(Source records)
::::::::

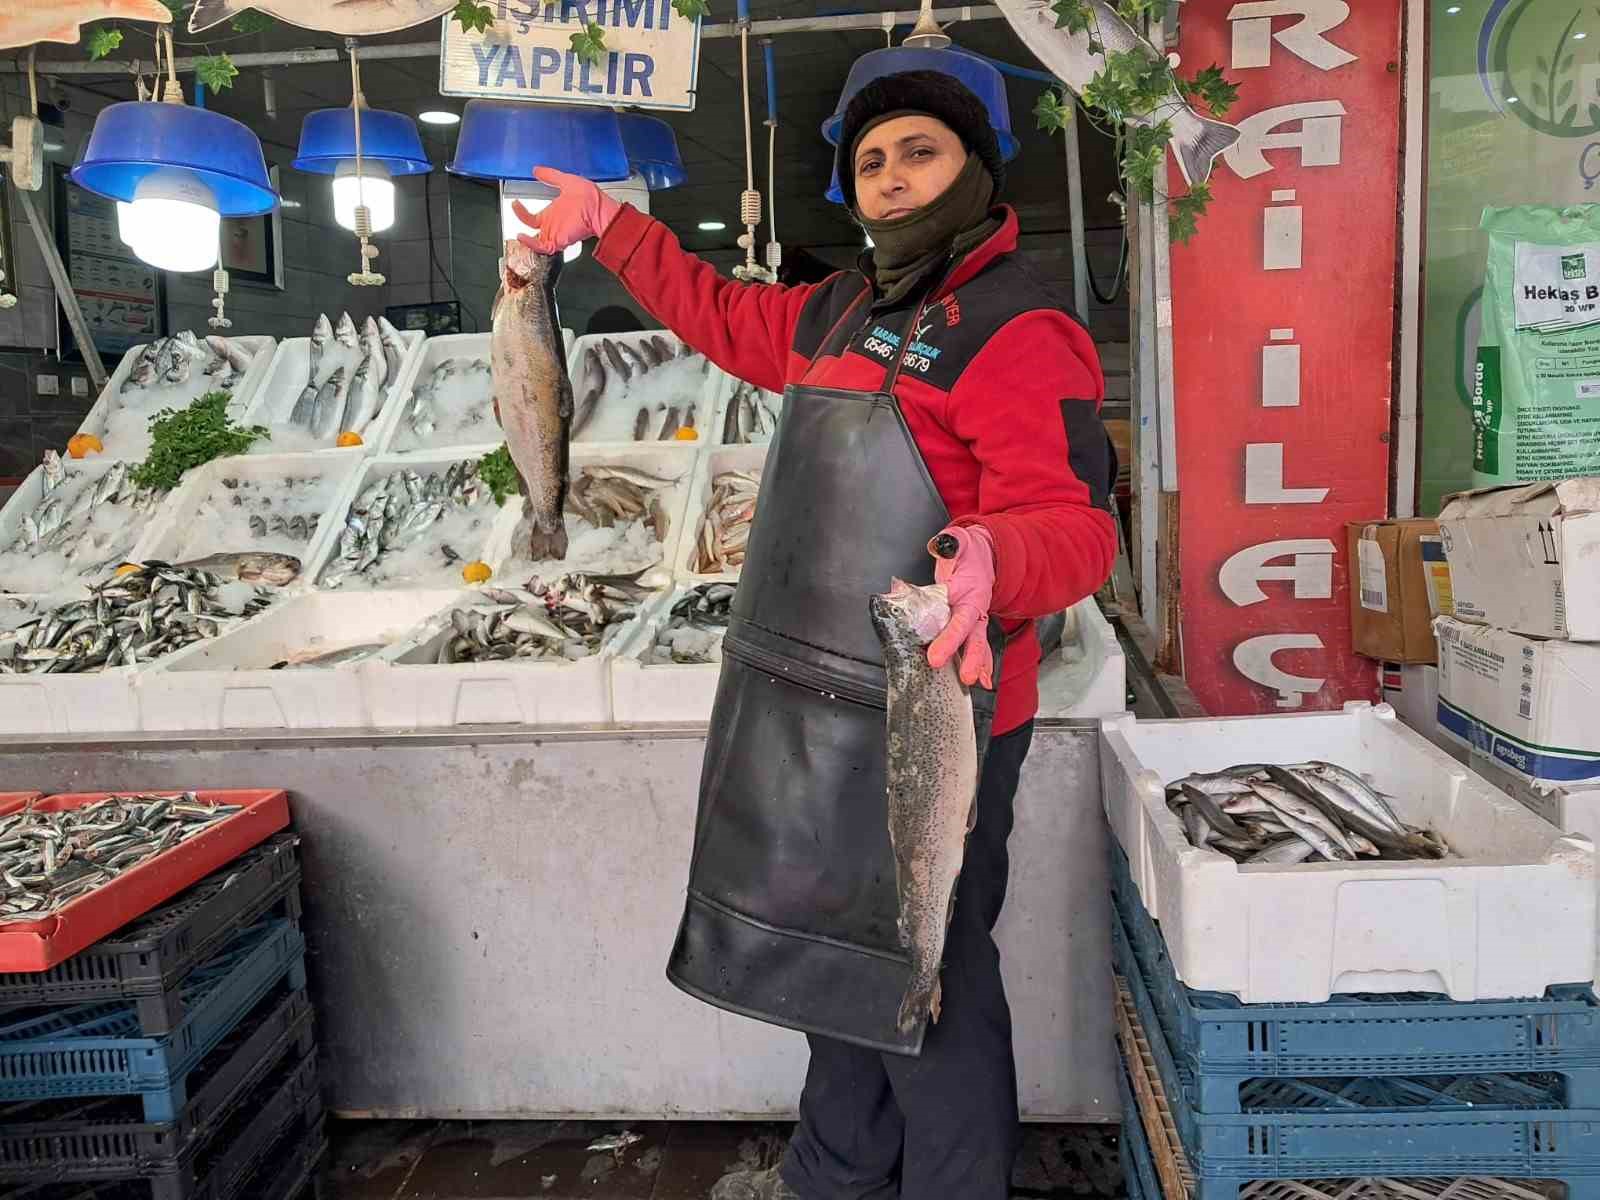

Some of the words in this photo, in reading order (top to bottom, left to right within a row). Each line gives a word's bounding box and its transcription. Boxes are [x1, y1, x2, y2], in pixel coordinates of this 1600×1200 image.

[472, 44, 655, 97] YAPILIR
[871, 326, 901, 348] KARADE
[1472, 362, 1484, 405] Bordo
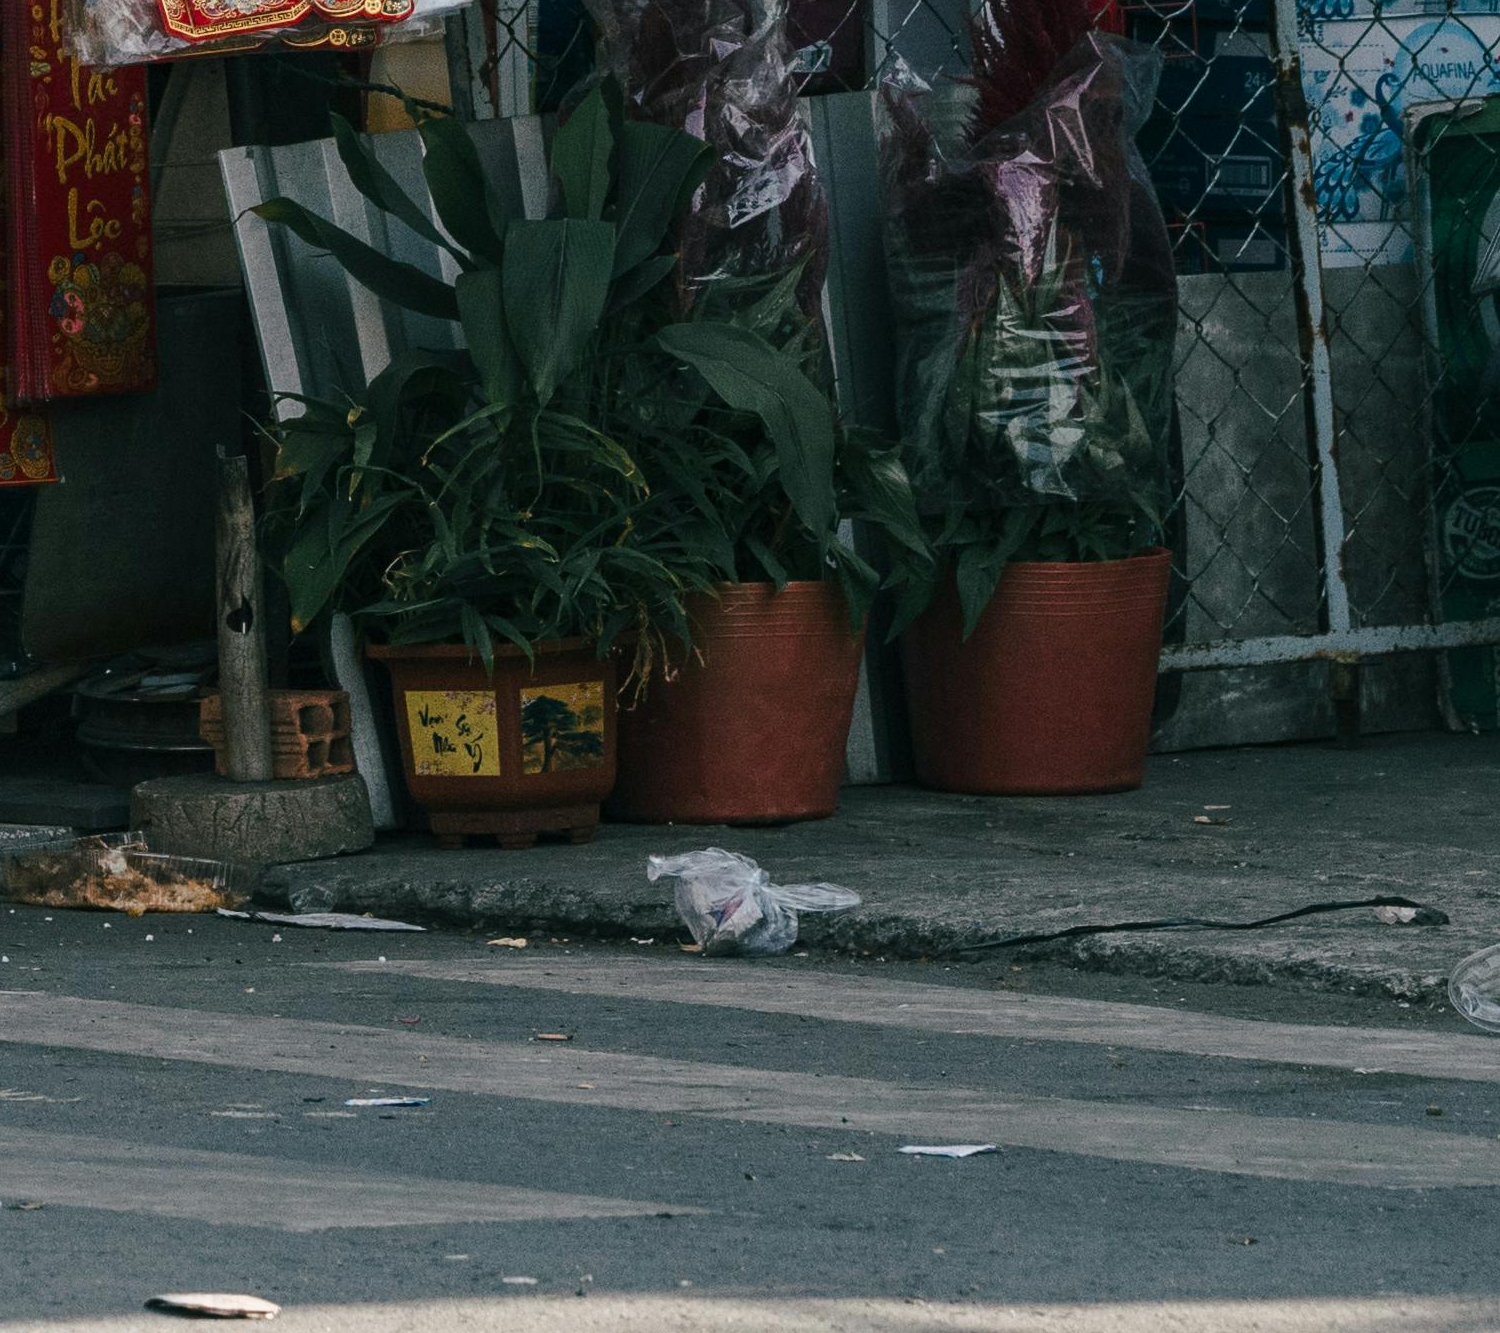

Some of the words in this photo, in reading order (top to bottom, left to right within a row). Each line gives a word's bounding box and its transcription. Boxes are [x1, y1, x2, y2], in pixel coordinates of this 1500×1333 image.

[1413, 62, 1482, 82] AQUAFINA
[46, 110, 131, 186] Phát
[68, 185, 122, 253] Lộc
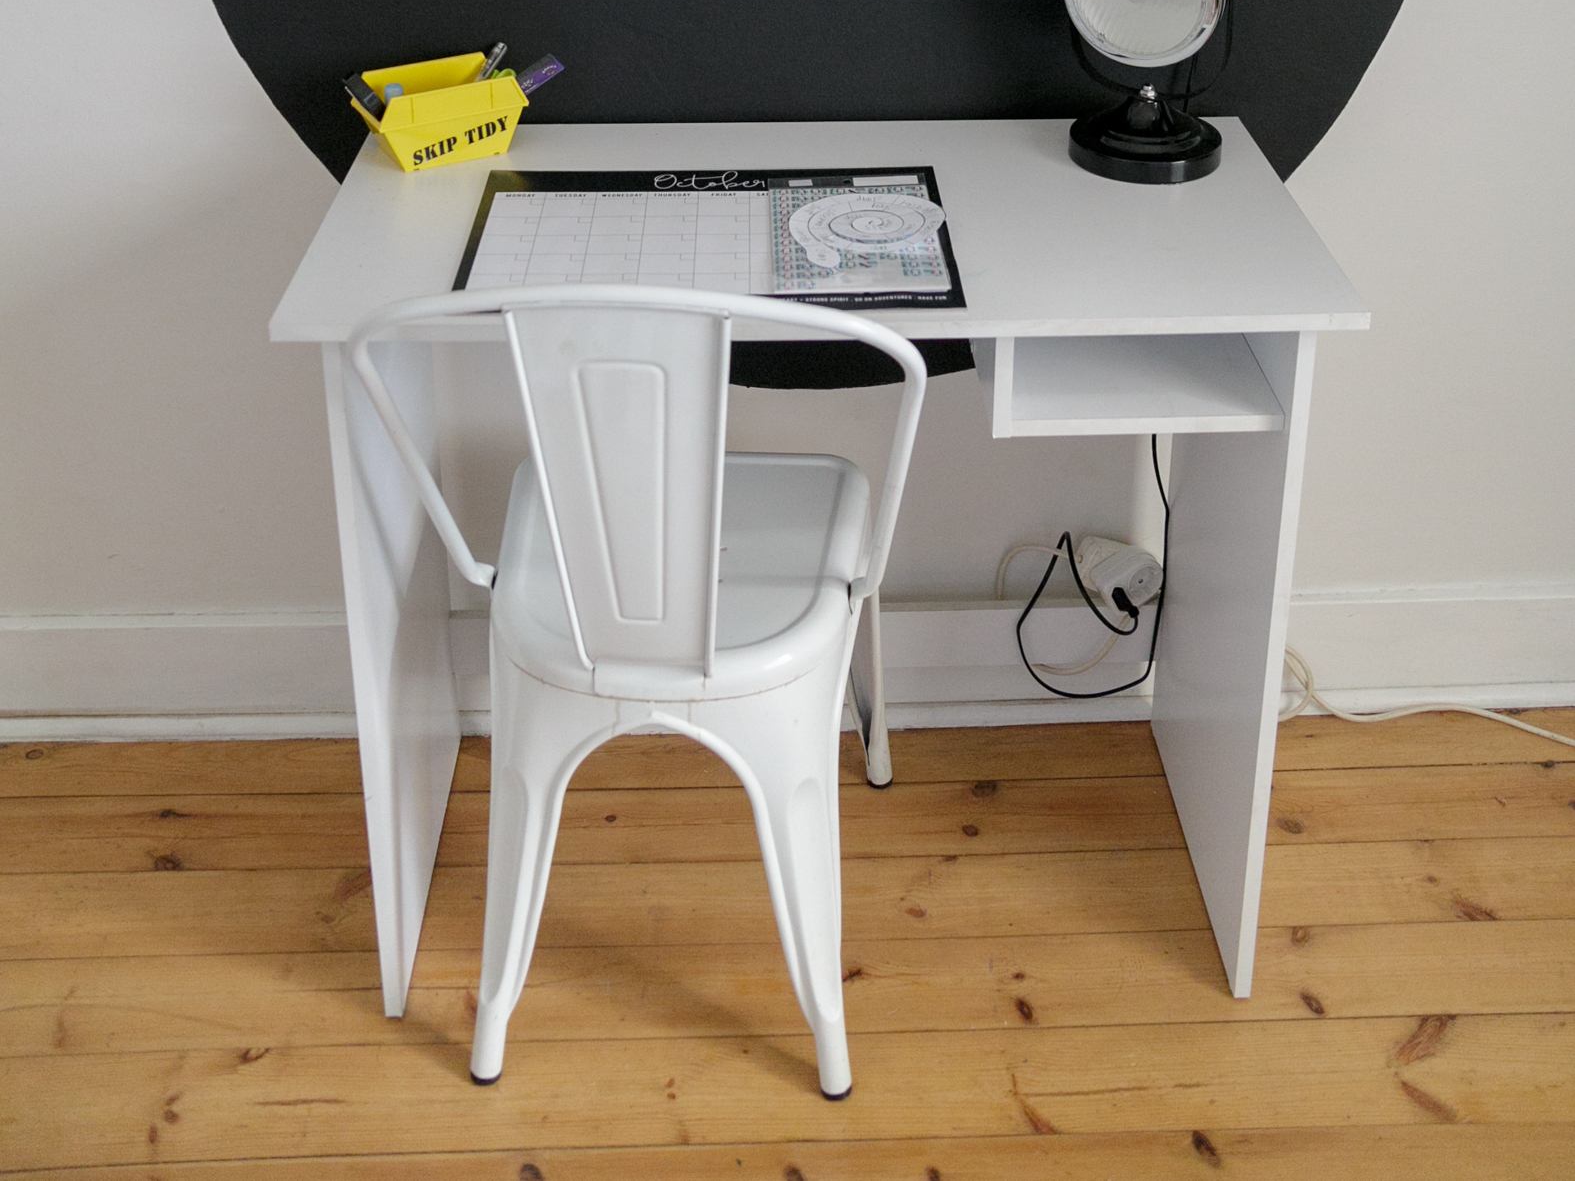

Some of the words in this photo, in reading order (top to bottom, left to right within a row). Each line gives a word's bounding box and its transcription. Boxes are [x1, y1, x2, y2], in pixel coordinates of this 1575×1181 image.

[413, 136, 458, 166] SKIP
[464, 116, 508, 145] TIDY
[654, 171, 765, 189] October
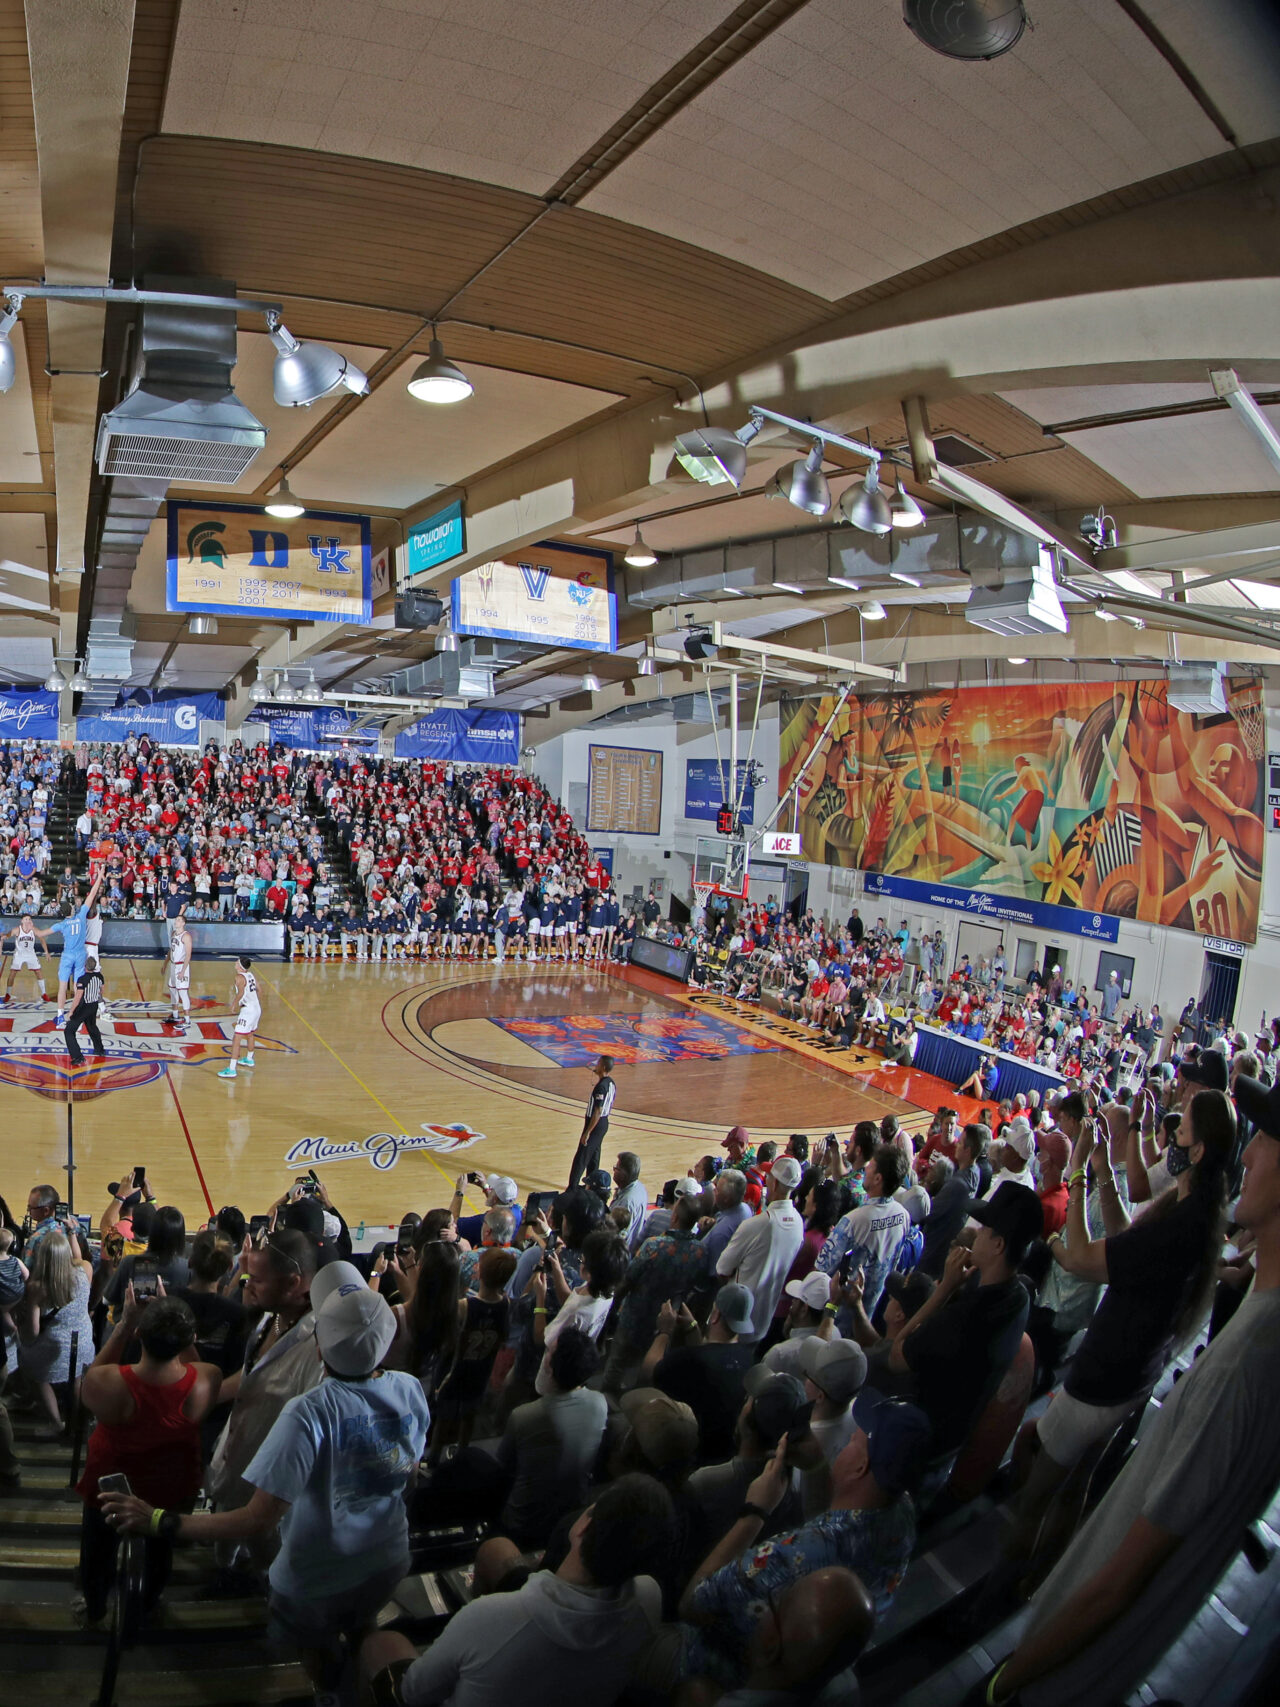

::::::::

• What is expected:
Your copy should hold every record word for word and none of the pictures.

• Solution to the exercise:
Some of the words in this photo, in reading order (top to bottom, left to right within a row). Each line gives a word's bounding box and its transcription. Boxes are [x1, y1, x2, y2], in pixel coordinates of this 1600×1200 image.

[472, 44, 655, 97] YAPILIR
[871, 326, 901, 348] KARADE
[1472, 362, 1484, 405] Bordo

Some of the words in this photo, in reading order (top to bottom, left to right within a row). Each line gives a word's bounding box and its transcription. Boxes are [x1, y1, x2, y2], in pixel coordinates of this 1500×1333 image.

[1413, 62, 1482, 82] AQUAFINA
[46, 110, 131, 186] Phát
[68, 185, 122, 253] Lộc

Some of the words in this photo, in reading order (top to bottom, left to right within a row). Each line gives a word's bounding box and its transcription. Boxes are [x1, y1, x2, y2], in pixel coordinates of this 1575×1181 image.

[413, 136, 458, 166] SKIP
[464, 116, 508, 145] TIDY
[654, 171, 765, 189] October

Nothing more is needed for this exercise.